The book, which came out in 1986, featured all the caprice and color readers expected from Dr. Seuss, the pen name of Theodor Geisel. Marketed for grown-ups, “You’re Only Old Once!” became a popular gift for people hitting milestones such as 50 or 70.
“It was like, ‘This is what’s coming, kids,’ ” said Cathy Goldsmith, Geisel’s longtime art director at Random House, which is publishing a 30th anniversary edition this summer.
The book’s hero is stripped of his clothes and wheeled down labyrinthine hallways and into labs, where complex machines test every body part. Doctors and medical devices are rendered in acid green, magenta and lemon yellow, with verses written in Geisel’s signature anapestic tetrameter.

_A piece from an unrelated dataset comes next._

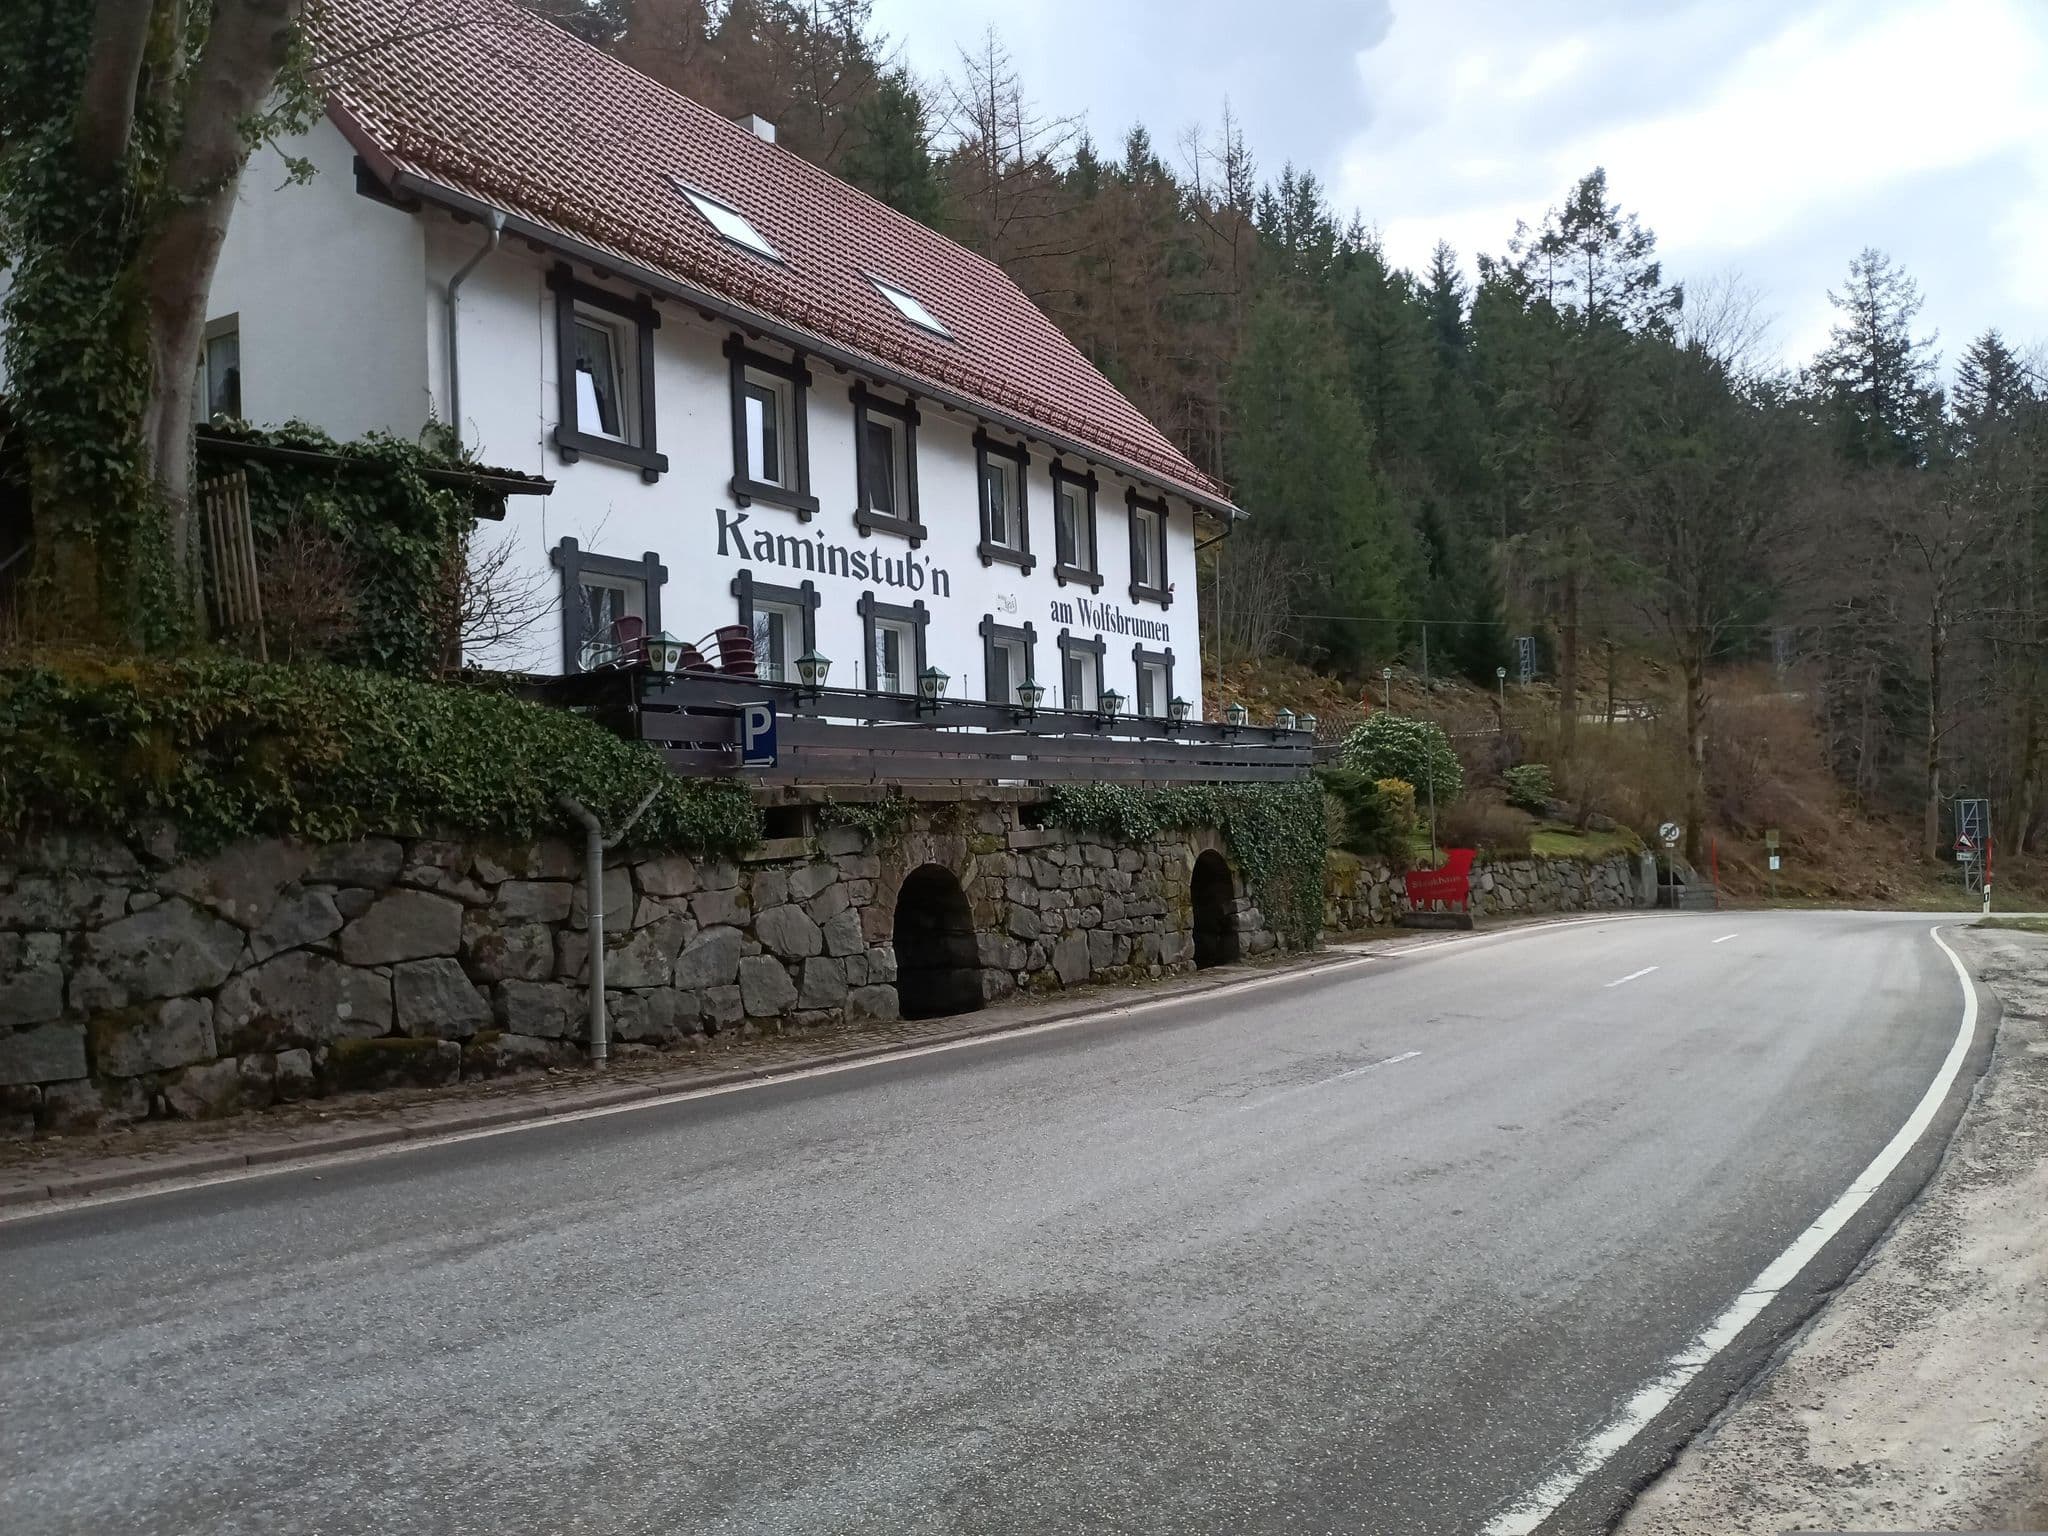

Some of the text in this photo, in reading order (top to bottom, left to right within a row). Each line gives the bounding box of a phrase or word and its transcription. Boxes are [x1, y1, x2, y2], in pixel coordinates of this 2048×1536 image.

Dietician Von Eiffel controls the Wuff-Whiffer,
our Diet-Devising Computerized Sniffer,
on which you just simply lie down in repose
and sniff at good food as it goes past your nose.
From caviar soufflé to caribou roast,
from pemmican patties to terrapin toast,
he’ll find out by Sniff-Scan the foods you like most.
And when that guy finds out
what you like,
you can bet it
won’t be on your diet.
From here on, forget it!
The book pokes fun of the endless testing, and billing, that becomes part of life as one ages. The book ends on an up note, with the old man getting his clothes back and knowing that he is “in pretty good shape, for the shape (he is) in!”
The message was that “you can have some rocky times and things can get a little out of hand, but hang in there and you’ll get through it,” Goldsmith said.
Though he had written an adult book in the 1930s, “The Seven Lady Godivas,” it had sold poorly, and he once told the Washington Post it was “my biggest failure.” After that, he stuck with children’s books. “I think he took what he knew about adults and boiled it down for kids, so to age back up a little bit seems perfectly natural,” Goldsmith said. The new book’s subtitle was “A Book for Obsolete Children.”
It is a project that could easily have never come to pass. The cancer treatment had flattened him, and though he was in remission, he thought his writing days were over.
“He was in huge amounts of pain,” said Judith Morgan, a longtime friend and co-author of a biography called “Dr. Seuss and Mr. Geisel.” It wasn’t until 1985, when he was invited to accept an honorary degree from Princeton, that he revived. When he came forward to accept the degree, the graduating class stood up and chanted, “I am Sam! Sam I am!” and then recited the entire text of “Green Eggs and Ham.”
“It gave him a huge lift, and when he got home he remembered, this was the way it feels to be on a writer’s high,” Morgan said. It was time to write a new book.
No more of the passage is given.